# TRY IT
The whole listing, apart from its images, should be restated word for word.

# SOURCE INFORMATION
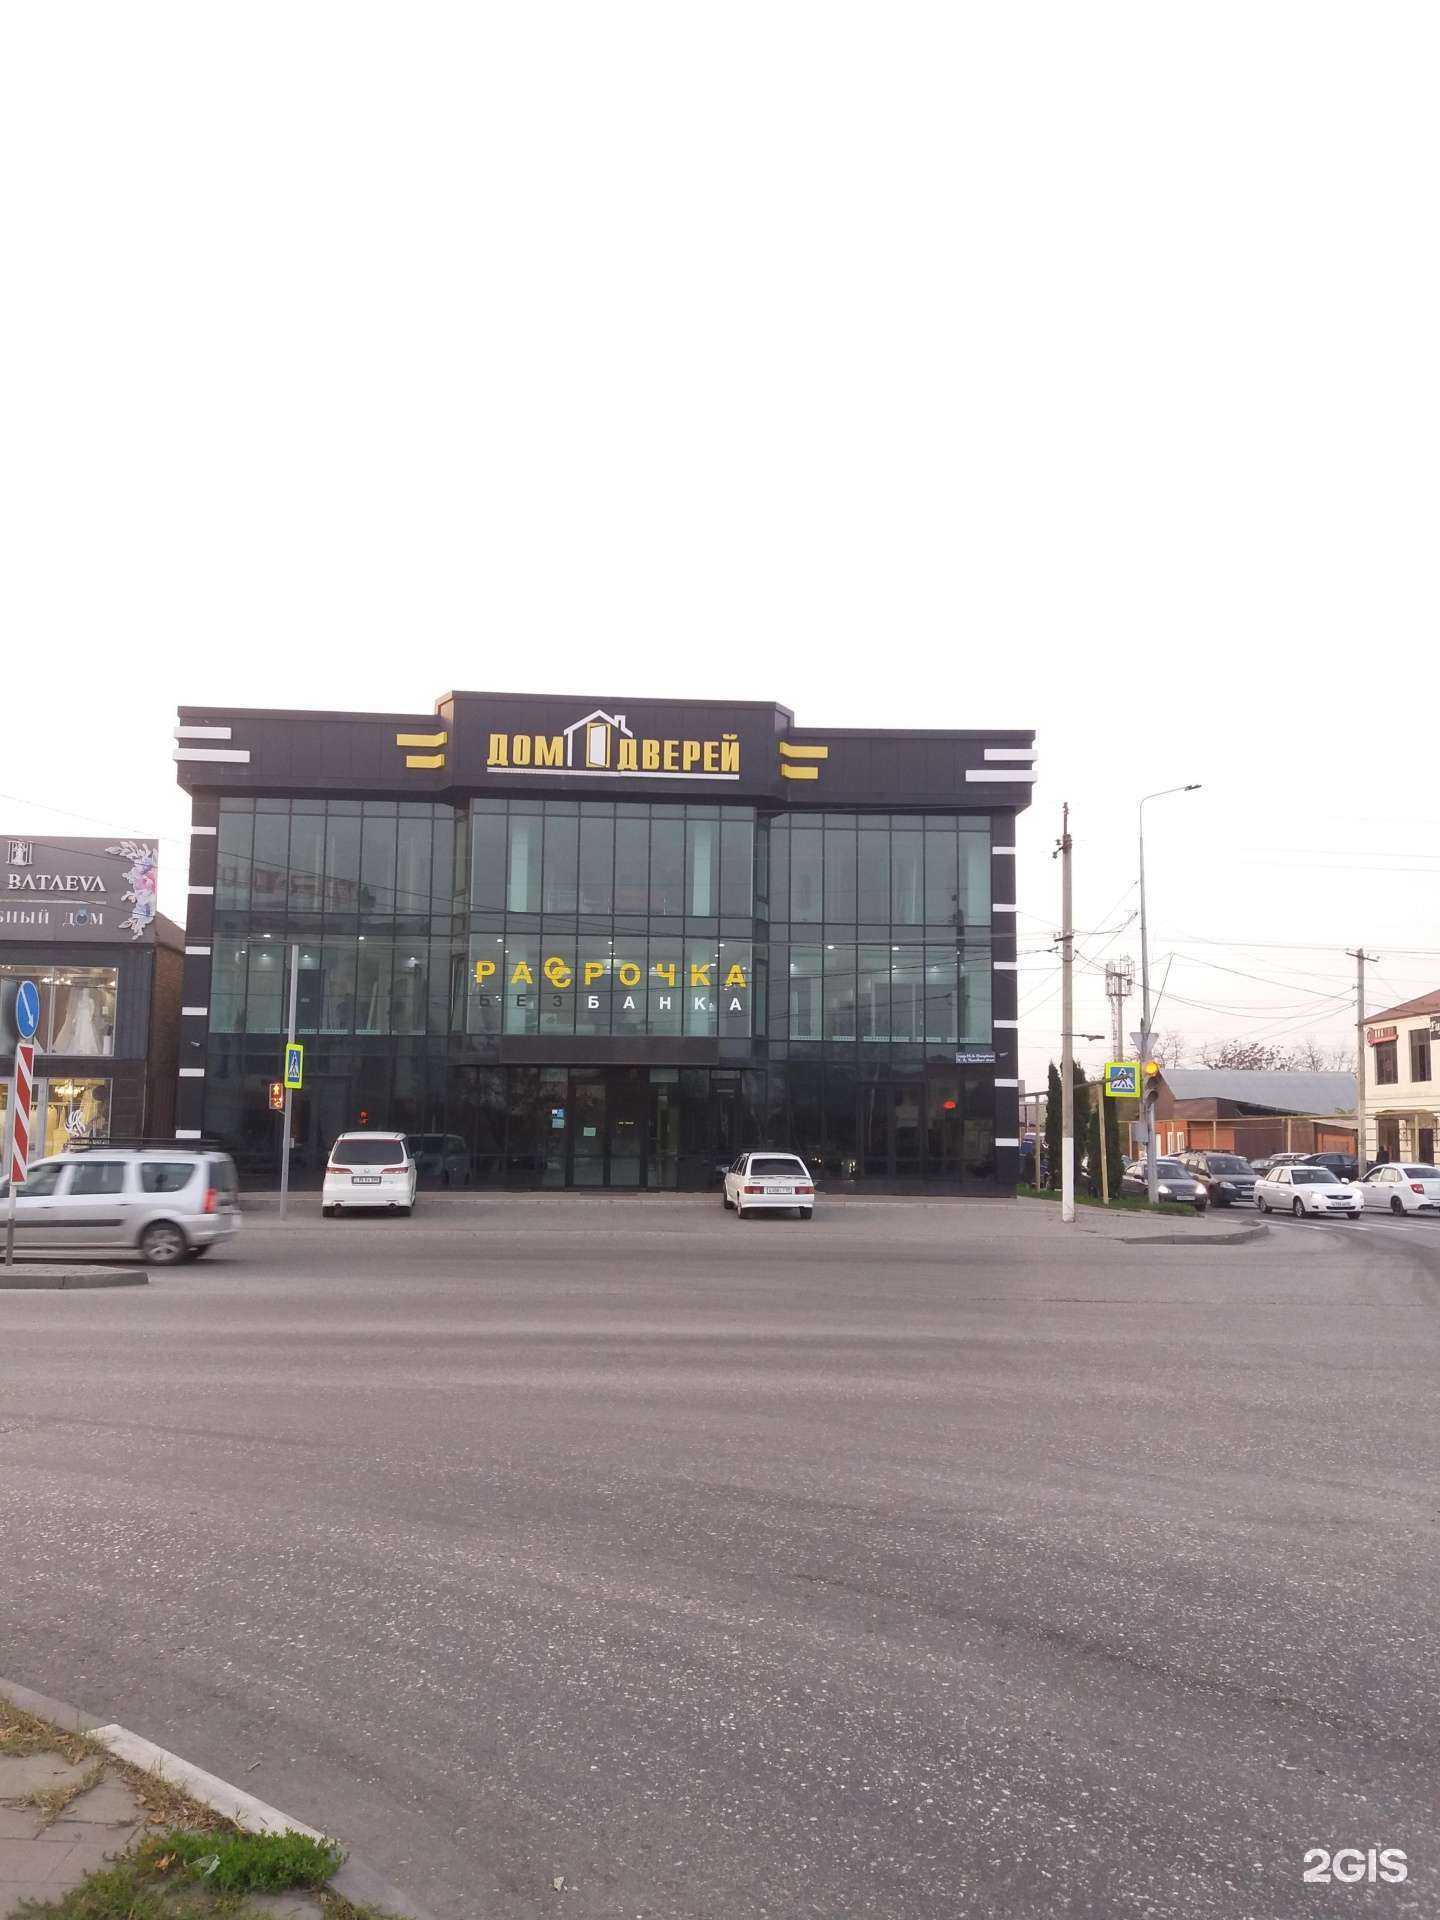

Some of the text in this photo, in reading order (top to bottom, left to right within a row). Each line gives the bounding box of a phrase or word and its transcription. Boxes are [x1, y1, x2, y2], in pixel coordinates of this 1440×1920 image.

[487, 733, 740, 772] ДОМ ДВЕРЕЙ
[8, 873, 107, 892] BATAEVA
[62, 905, 104, 928] ДОМ
[476, 957, 746, 988] РАССРОЧКА
[479, 993, 742, 1011] БЕЗ БАНКА
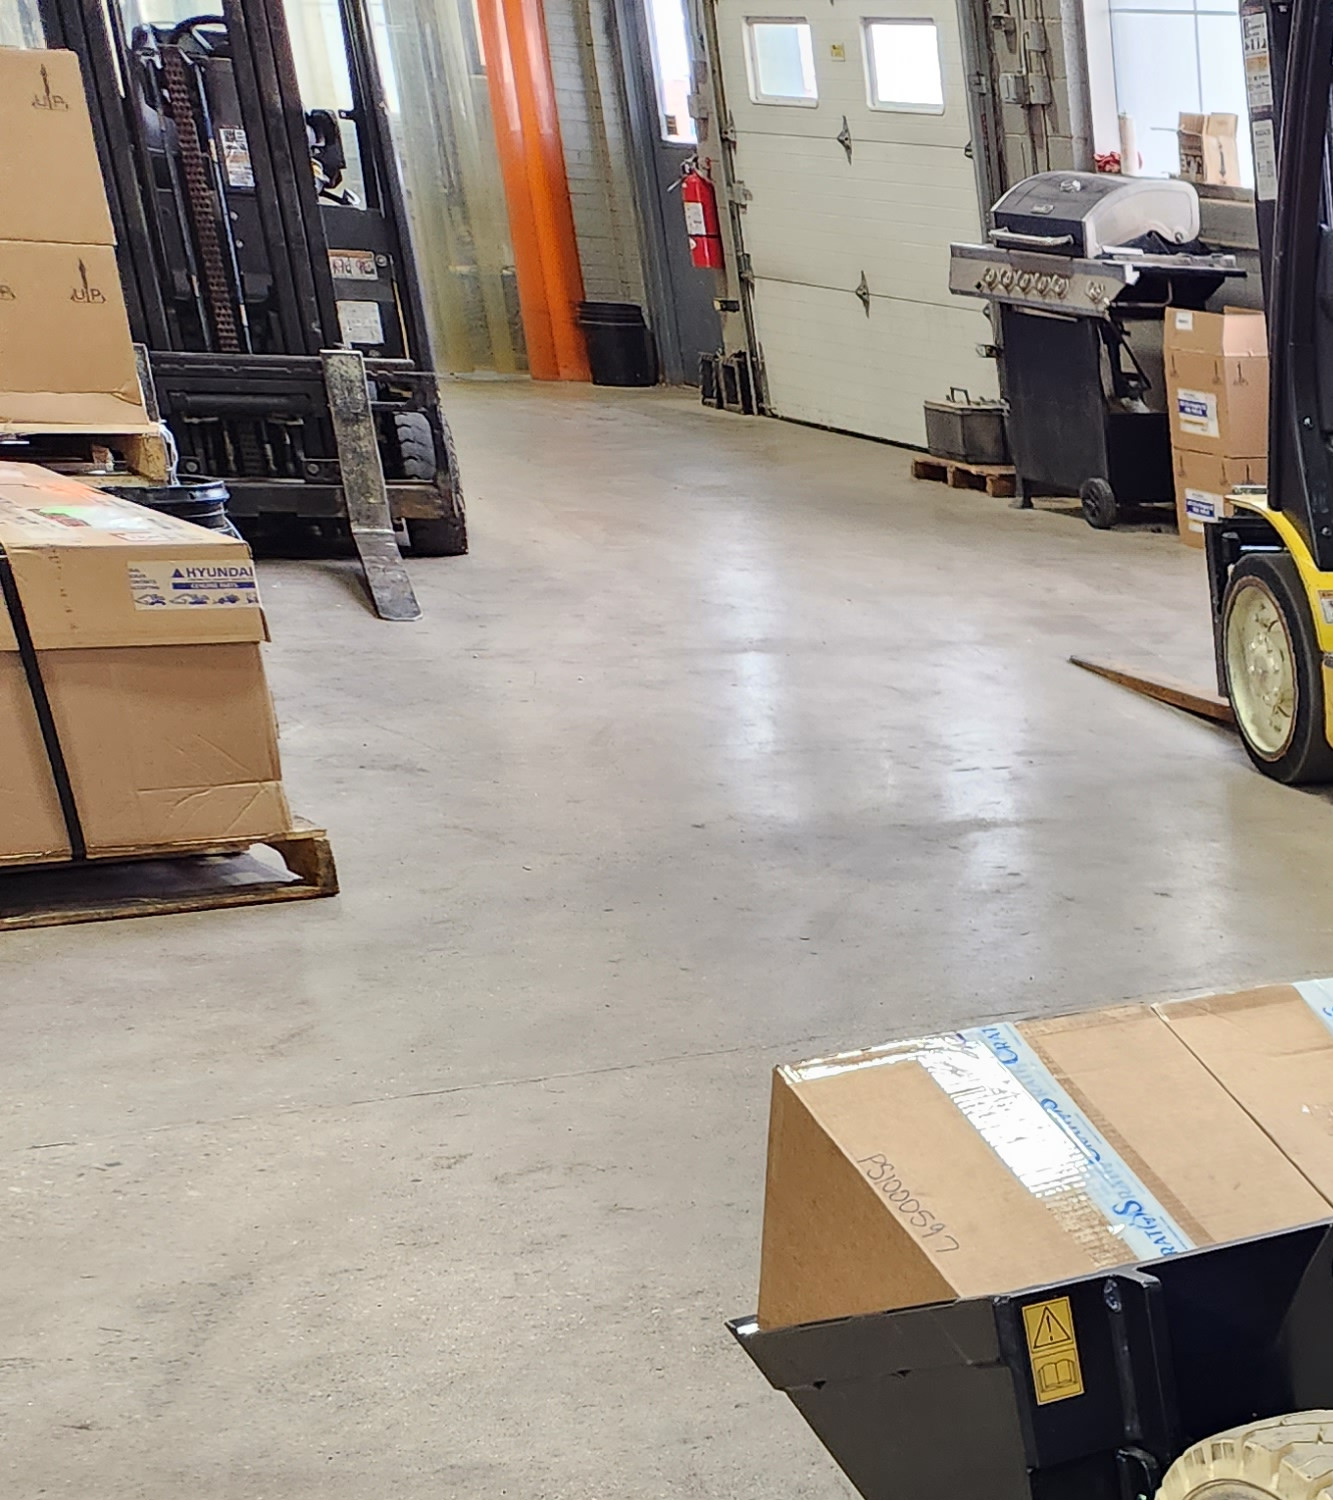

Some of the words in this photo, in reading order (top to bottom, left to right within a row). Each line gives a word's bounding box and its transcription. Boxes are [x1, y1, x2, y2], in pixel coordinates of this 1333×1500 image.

[72, 287, 104, 301] UP
[186, 567, 254, 578] HYUNDAI
[1113, 1200, 1179, 1257] RATOS
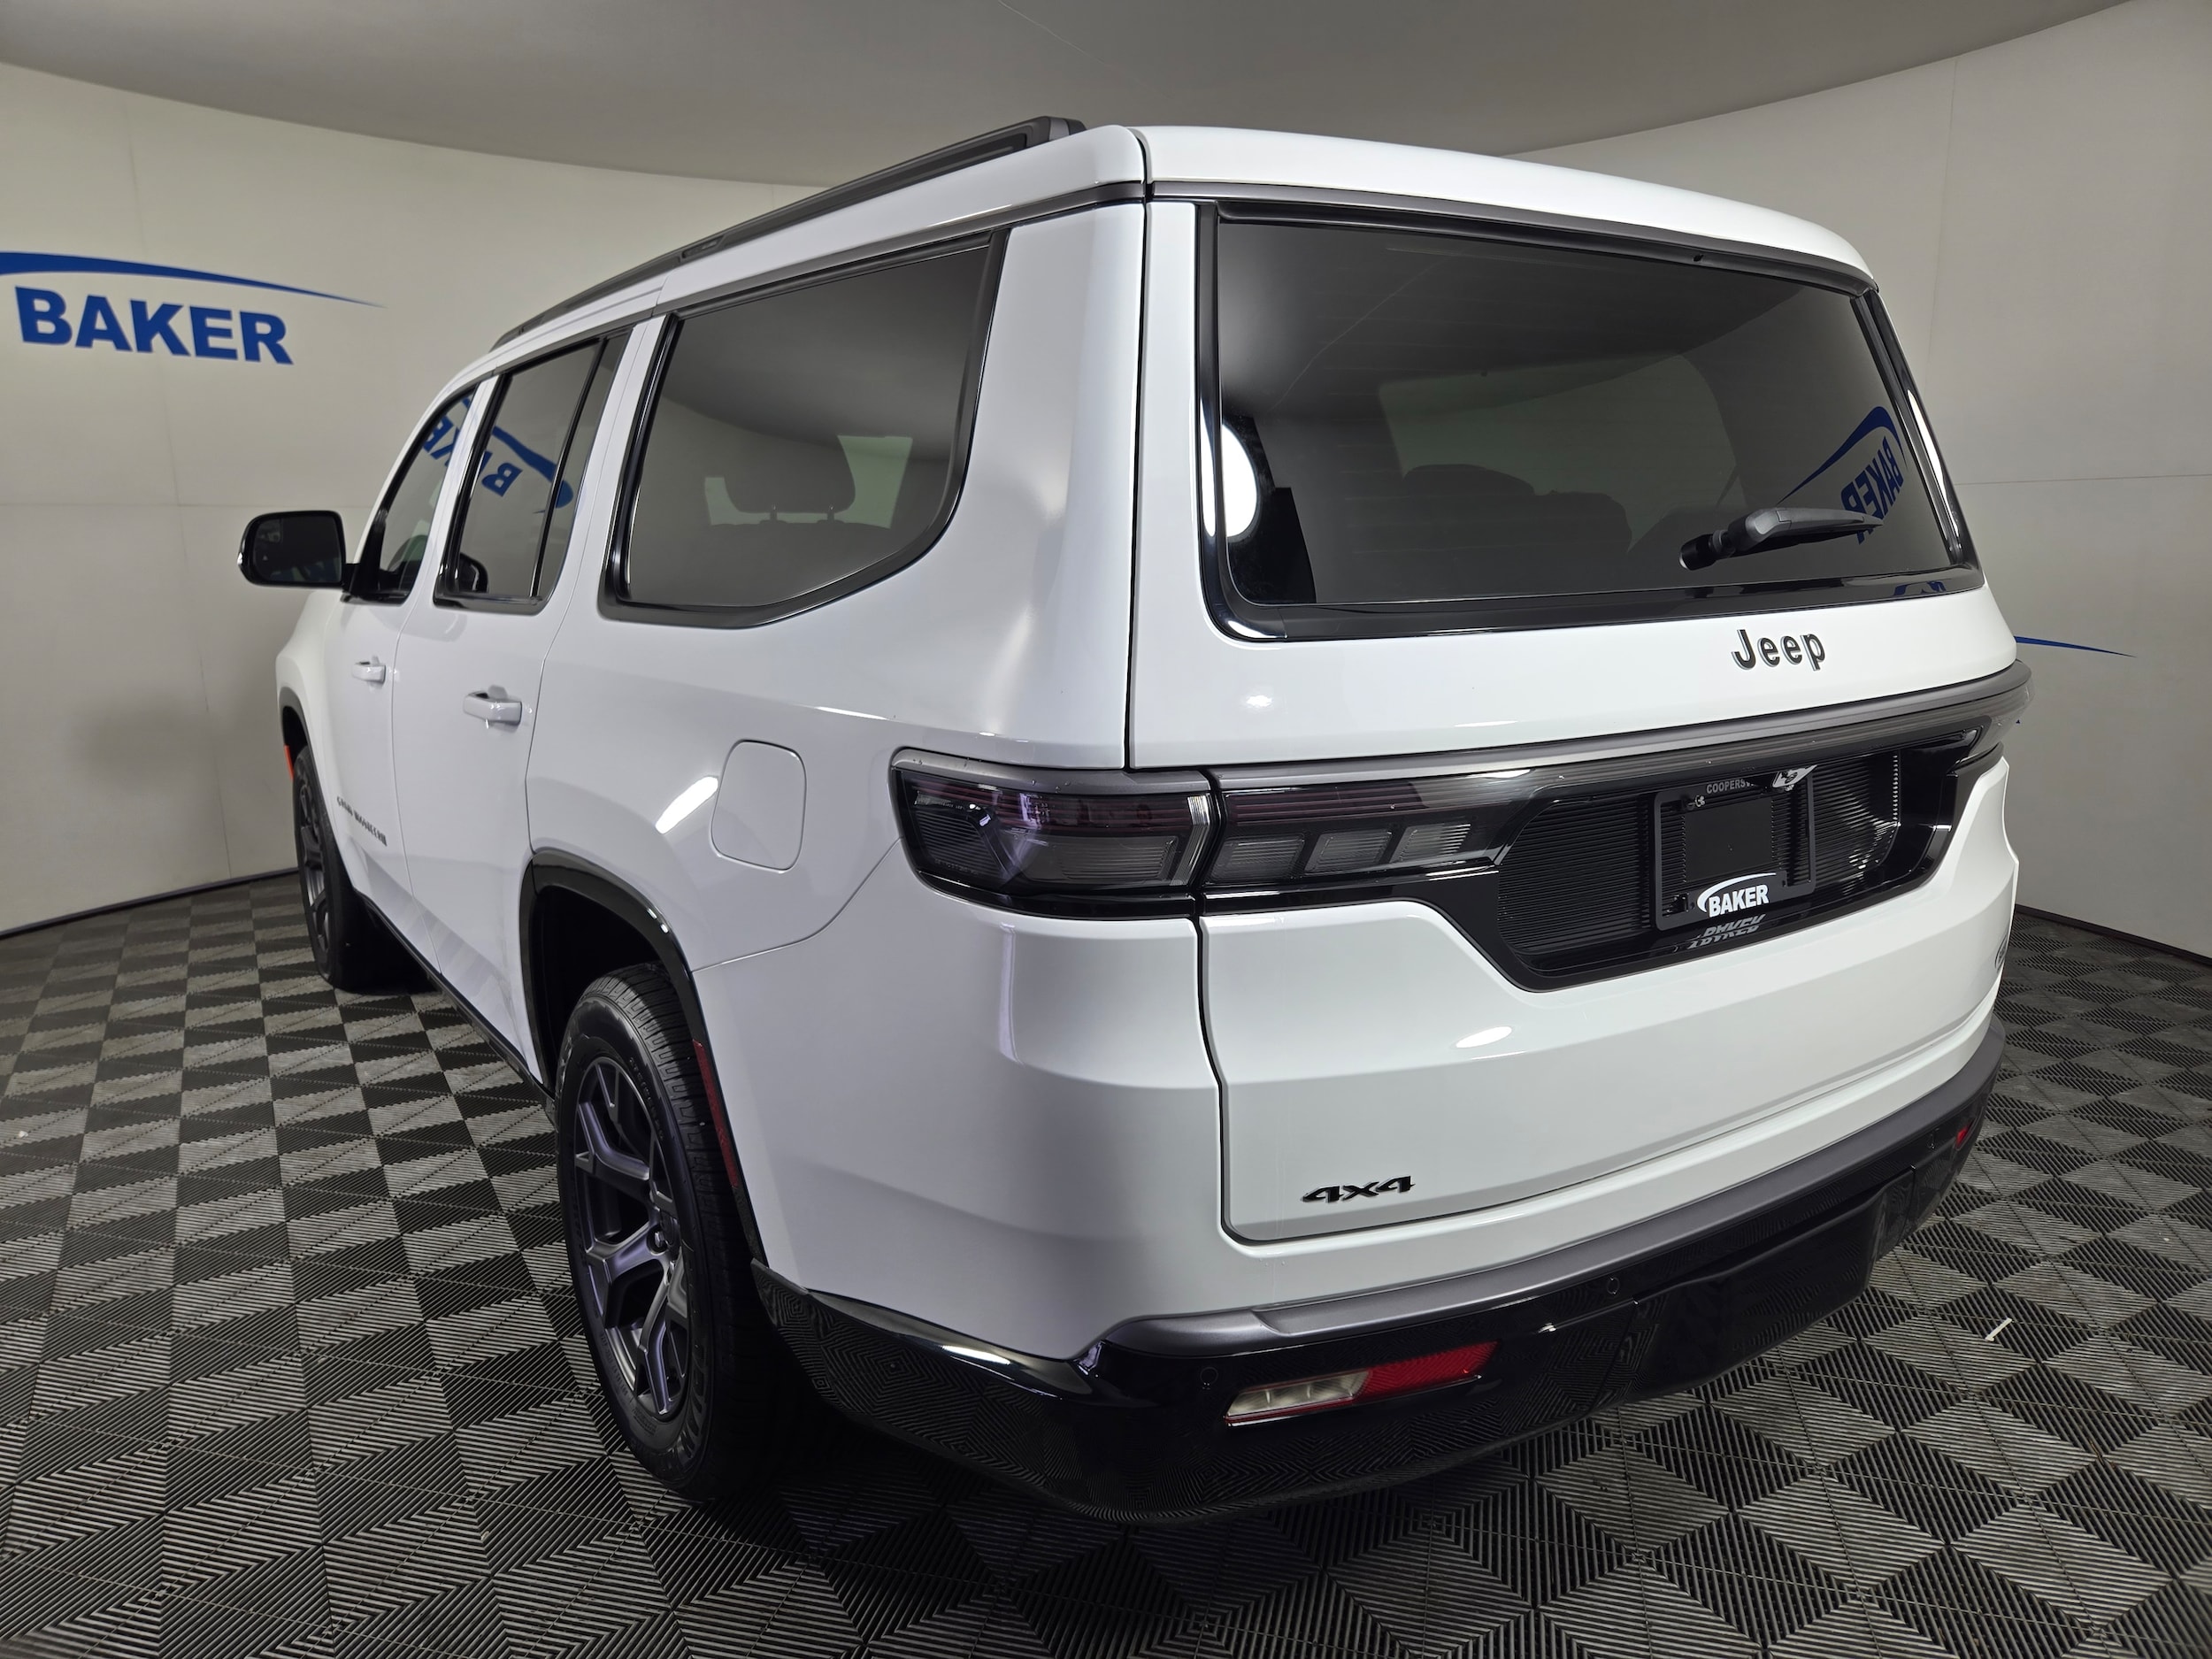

# FINISHED TASK
Some of the text in this photo, in reading order (top to bottom, left to right within a row). Each line gives the bounding box of a phrase or word and its transcription. Boxes are [x1, y1, x2, y2], in pixel coordinates of this 1440×1920 image.

[487, 733, 740, 772] ДОМ ДВЕРЕЙ
[8, 873, 107, 892] BATAEVA
[62, 905, 104, 928] ДОМ
[476, 957, 746, 988] РАССРОЧКА
[479, 993, 742, 1011] БЕЗ БАНКА

Some of the words in this photo, in reading order (top to bottom, left to right within a row). Each line gives a word's bounding box and its transcription. Boxes are [x1, y1, x2, y2], in pixel coordinates of this 1333×1500 image.

[72, 287, 104, 301] UP
[186, 567, 254, 578] HYUNDAI
[1113, 1200, 1179, 1257] RATOS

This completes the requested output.